Warum hat die Natur den Sex erfunden? Eine Frage, die Evolutionsbiologen umtreibt, denn Sex bringt durchaus auch einige Nachteile für das Individuum: Bei optimaler Anpassung an die Umwelt kann das Mischen der Gene den Nachkommen auch unangepasste und damit ungünstige Gene verleihen. Sexuelle Fortpflanzung wird noch kostspieliger, wenn Männchen außer ihren Genen keinen Beitrag zur Aufzucht des Nachwuchses leisten. Weitere Kosten sind das erhöhte Risiko, sich mit sexuell übertragbaren Krankheiten anzustecken oder bei der Paarung einem Räuber zum Opfer zu fallen.
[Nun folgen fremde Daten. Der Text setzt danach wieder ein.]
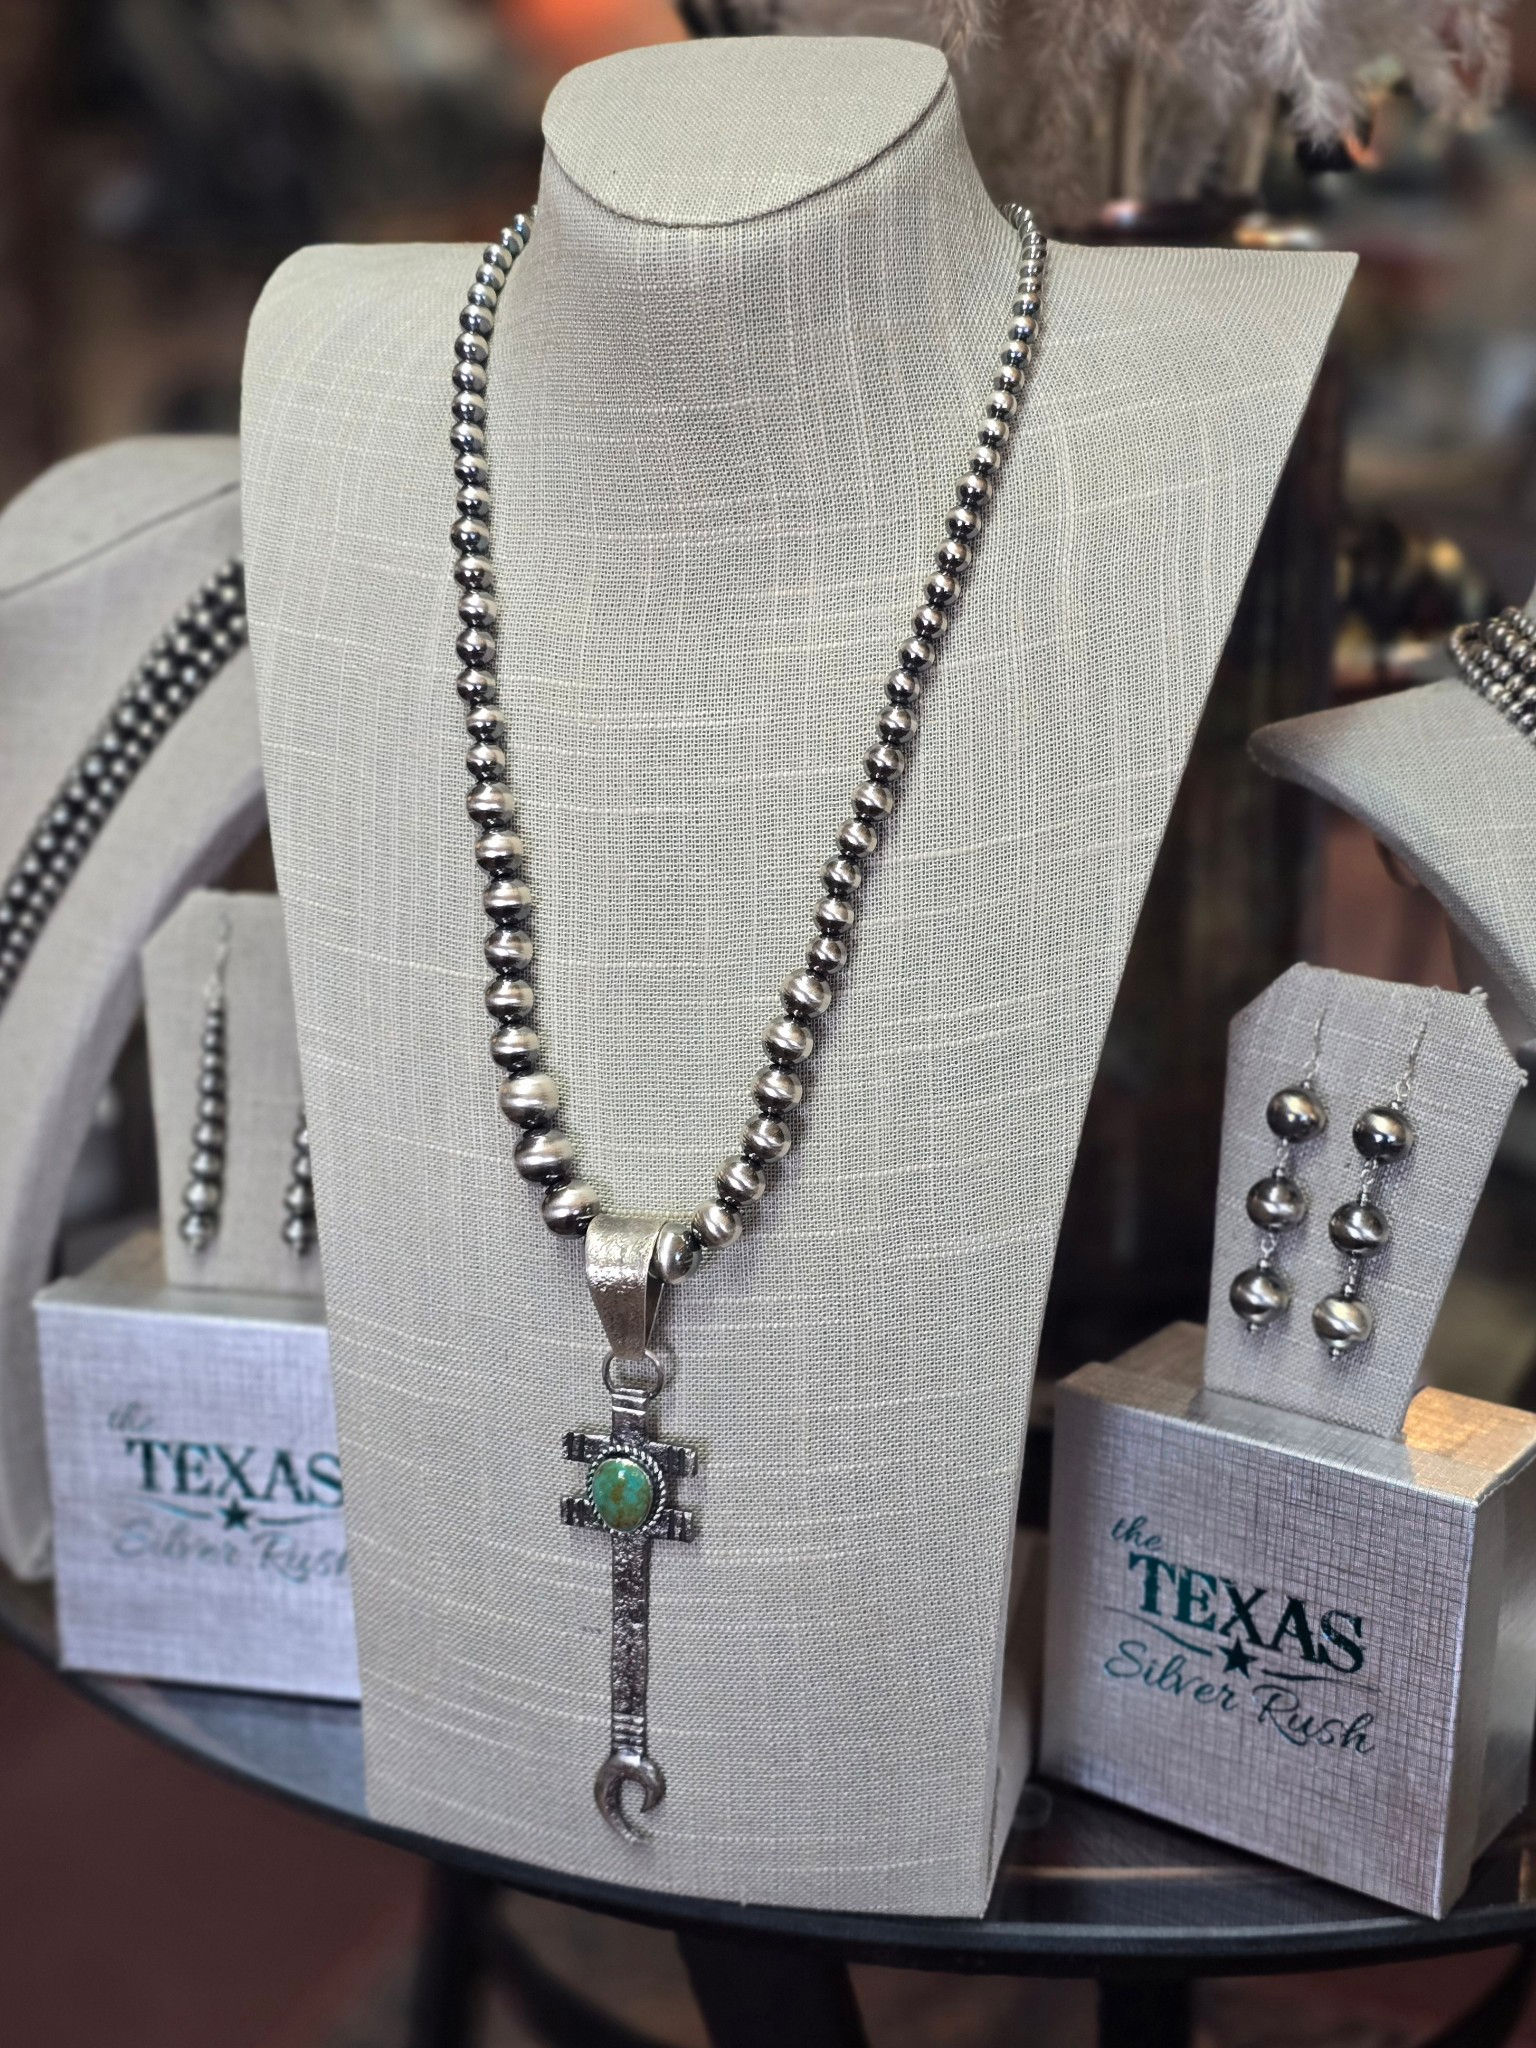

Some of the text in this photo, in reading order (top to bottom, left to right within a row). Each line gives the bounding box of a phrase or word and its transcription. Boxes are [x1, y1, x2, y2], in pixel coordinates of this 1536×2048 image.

[124, 1438, 343, 1508] TEXAS
[1111, 1515, 1161, 1550] the
[1128, 1552, 1364, 1674] TEXAS
[1103, 1640, 1376, 1754] Silver Rush
Mehr Sex in vielseitiger Umwelt?
Bei all diesen Kosten des Sex: Weshalb gibt es ihn? Dieser Frage ist der Zoologe Lutz Becks von der Universität zu Köln gemeinsam mit seinem Kollegen Aneil Agrawal von der Universität Toronto nachgegangen. Ziel der Wissenschaftler war es, eine der Theorien zur Evolution der sexuellen Fortpflanzung experimentell auf den Prüfstand zu stellen. Diese Theorie besagt, das Sex sich eher entwickelt, wenn sich eine Art in einer heterogenen Umwelt mit räumlich stark unterschiedlichen Lebensbedingungen befindet.
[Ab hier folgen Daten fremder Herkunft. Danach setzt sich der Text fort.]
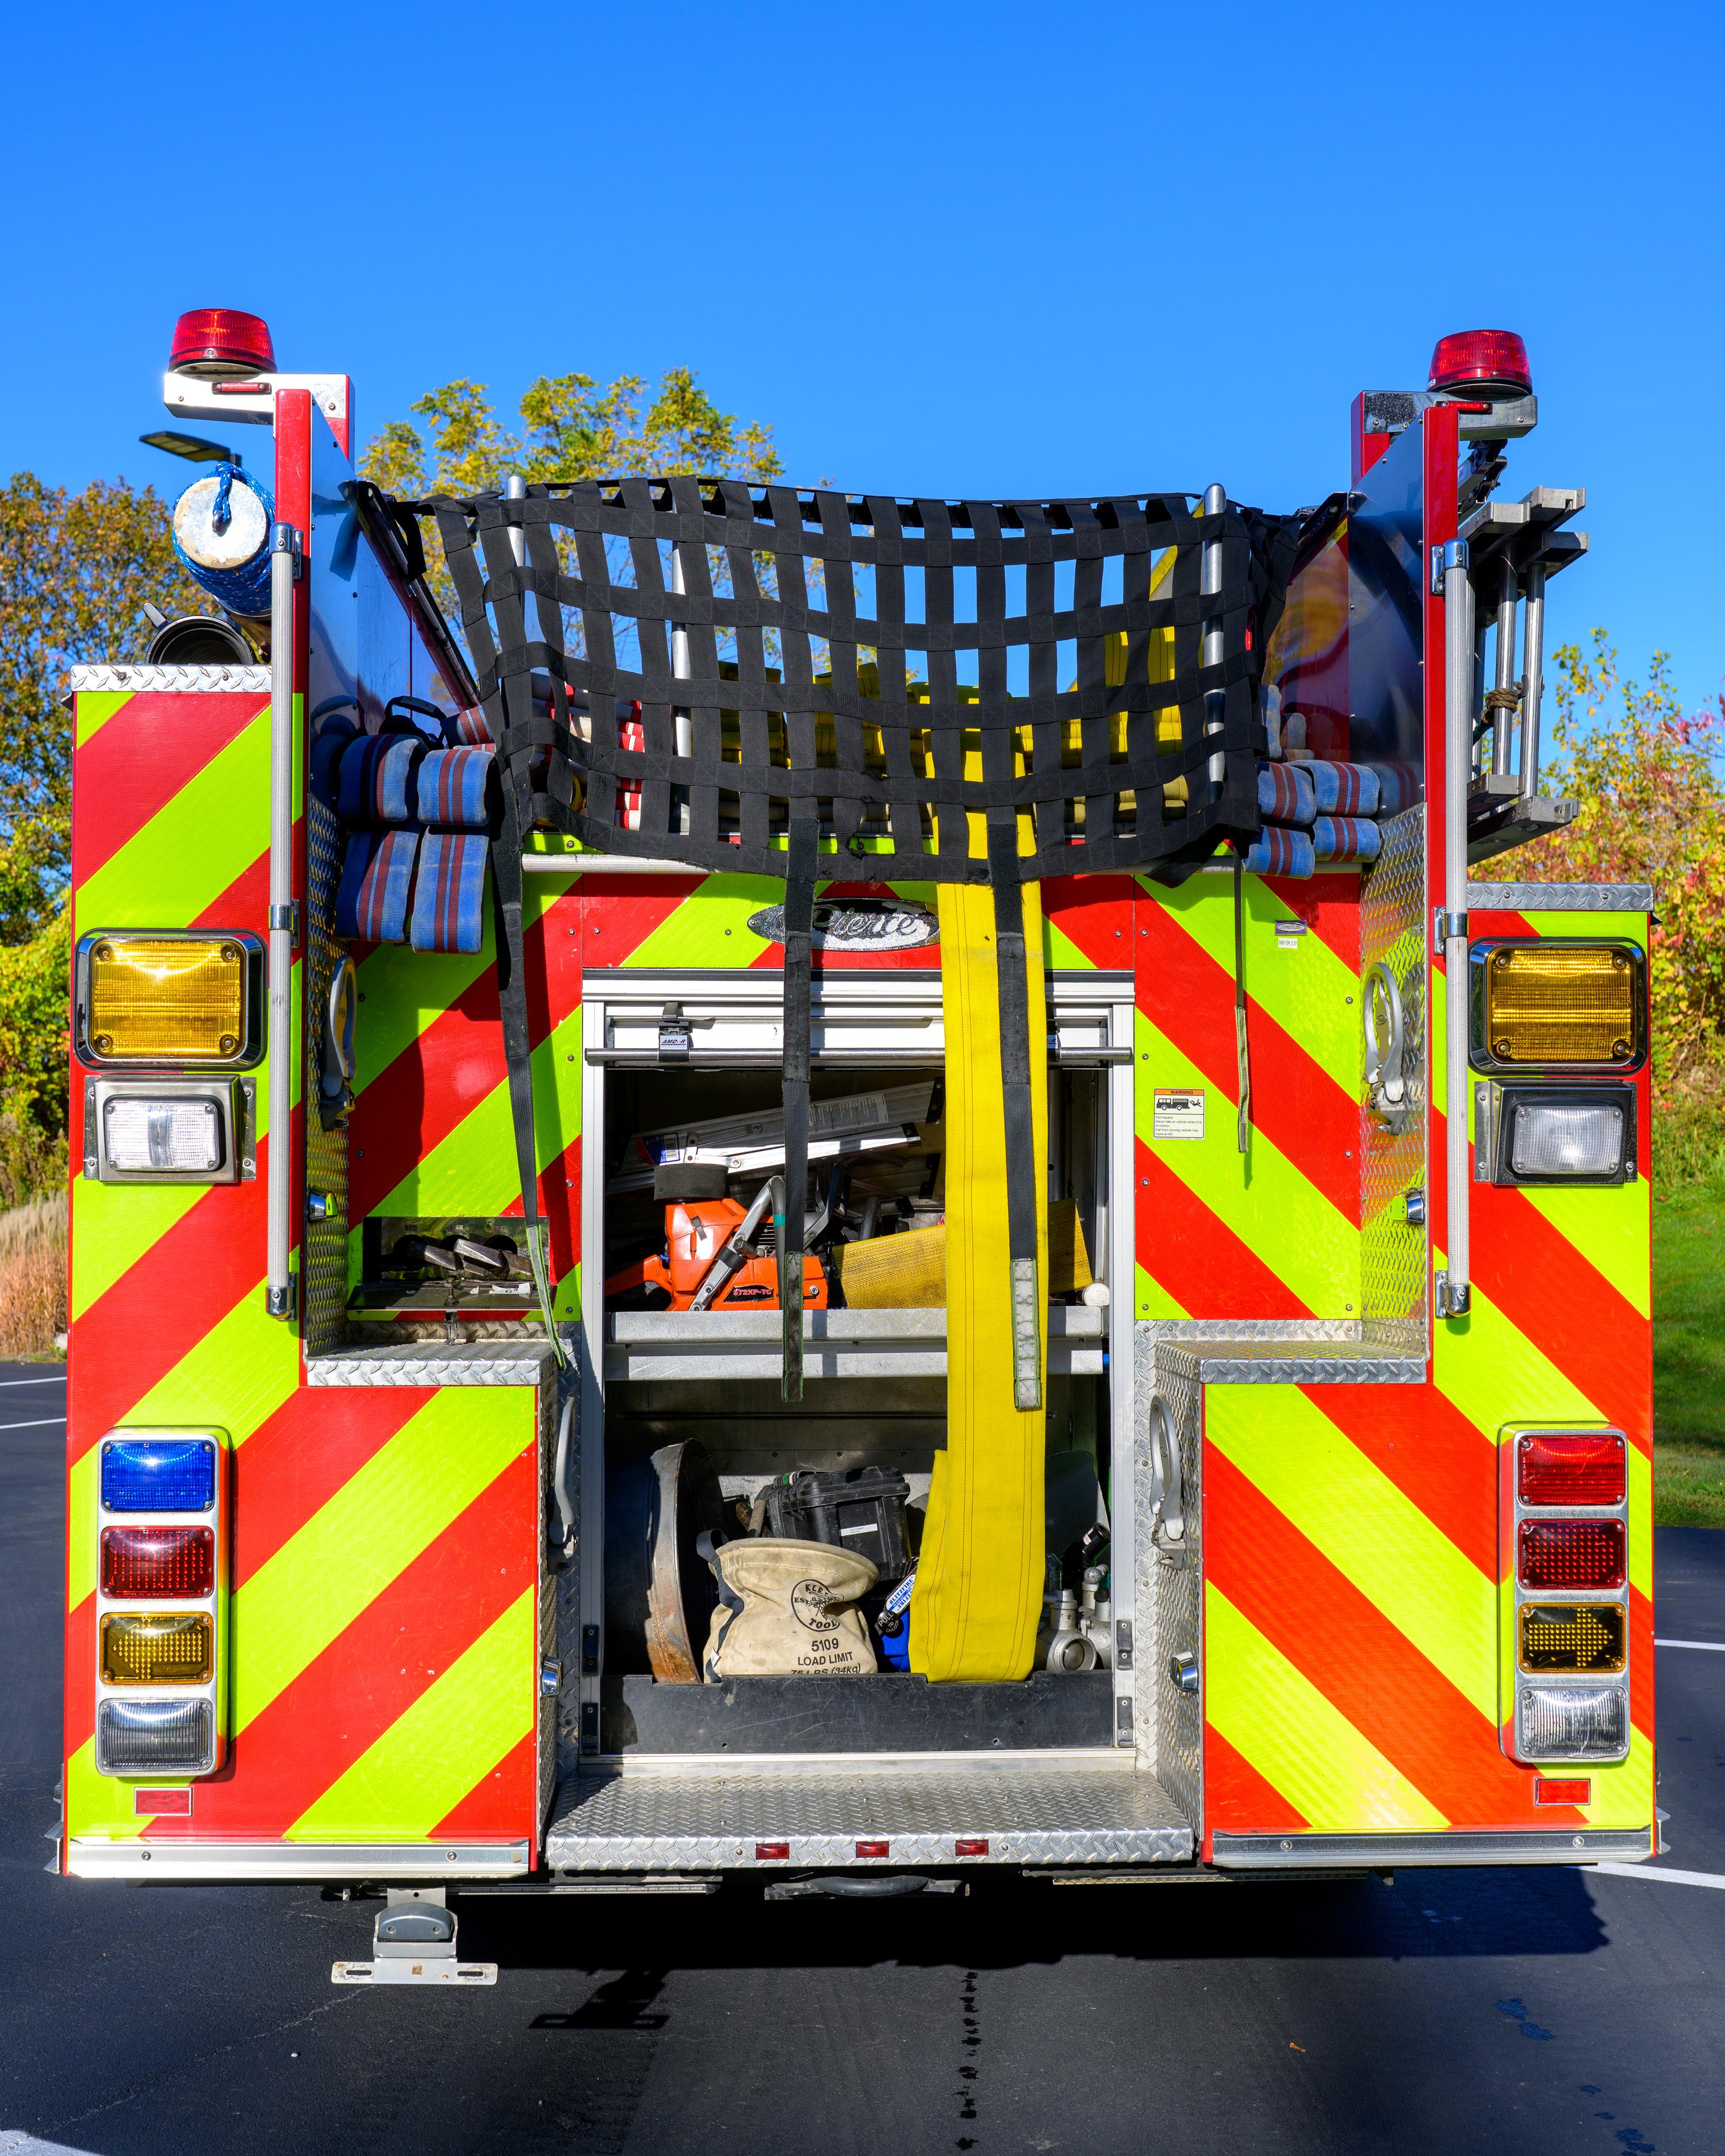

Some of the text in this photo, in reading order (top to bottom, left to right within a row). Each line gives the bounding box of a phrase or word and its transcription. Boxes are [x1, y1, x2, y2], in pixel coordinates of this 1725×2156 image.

[805, 1584, 829, 1595] KLE
[889, 1578, 914, 1605] BLITZFIRE
[878, 1612, 894, 1627] PULL
[811, 1637, 839, 1652] 5109
[798, 1651, 853, 1666] LOAD LIMIT
Rädertierchen haben noch die Wahl
Für ihre Studie beobachteten die Wissenschaftler das Fortpflanzungsverhalten von Brachionus calyciflorus, einem sogenannten monogononten Rädertierchen. Interessant ist die Spezies für die Biologen als Modellorganismus, weil sie die Qual der Wahl hat: Sexuelle oder asexuelle Fortpflanzung. „Das Neue an der Arbeit ist, dass wir mit diesem System in der Lage sind, die Evolution von Sex im Experiment zu verfolgen“, erklärt Becks. „Mit dem Rädertier-System lässt sich nun über viele Generationen hinweg verfolgen, wie die ‚Sexrate‘, beziehungsweise die Investition in sexuelle Fortpflanzung, evolviert. Damit sind wir nun in der Lage, einige der zahlreichen Hypothesen zur Evolution von Sex testen.“ Die Wissenschaftler verglichen dafür zwei Populationen: eine unter gleichbleibenden Umweltbedingungen, eine unter wechselnden.
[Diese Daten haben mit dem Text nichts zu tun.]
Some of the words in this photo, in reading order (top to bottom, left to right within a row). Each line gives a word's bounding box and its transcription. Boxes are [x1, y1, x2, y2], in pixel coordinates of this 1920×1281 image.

Gleichförmige Umwelt als „Sexkiller“
Das Ergebnis der Beobachtungen war eindeutig: Bei homogenen Umweltbedingungen zeigten die Probanden wenig Neigung zur geschlechtlichen Fortpflanzung. Gerade einmal sieben Prozent der Eier wurden bei homogener Umwelt geschlechtlich gezeugt. Anders sah die Situation in einer wechselnden Umgebung aus. Hier fanden die Forscher mehr als doppelt so viele befruchtete Eier. Die Zahl der geschlechtlichen Fortpflanzung sank hier nur leicht, stieg in einem zweiten Teil des Experiments sogar wieder an.
Die Biologen sehen die heterogenen Umweltbedingungen als einen der Auslöser sexueller Fortpflanzung an. Hier kann der Nutzen des Sex die Kosten überwiegen. „Wir konnten eine der Hypothesen zur Evolution von Sex, nämlich dass Sex in einer heterogenen Umwelt mit Wanderung zwischen verschiedenen Habitaten von Vorteil sein kann, bestätigen“, erklärt Becks. „Sex ist dann von Vorteil, weil es hilft, die schlechten Genkombinationen, die man mitbringt, schneller los zu werden. Denn der sexuell produzierte Nachwuchs bekommt einen halben Satz der Gene von den Individuen, die an diese Bedingungen schon angepasst sind.“ Mit anderen Worten: Sex lohnt sich, wenn Lebewesen in einer wechselhaften Umwelt leben, an die sie schlecht angepasst sind.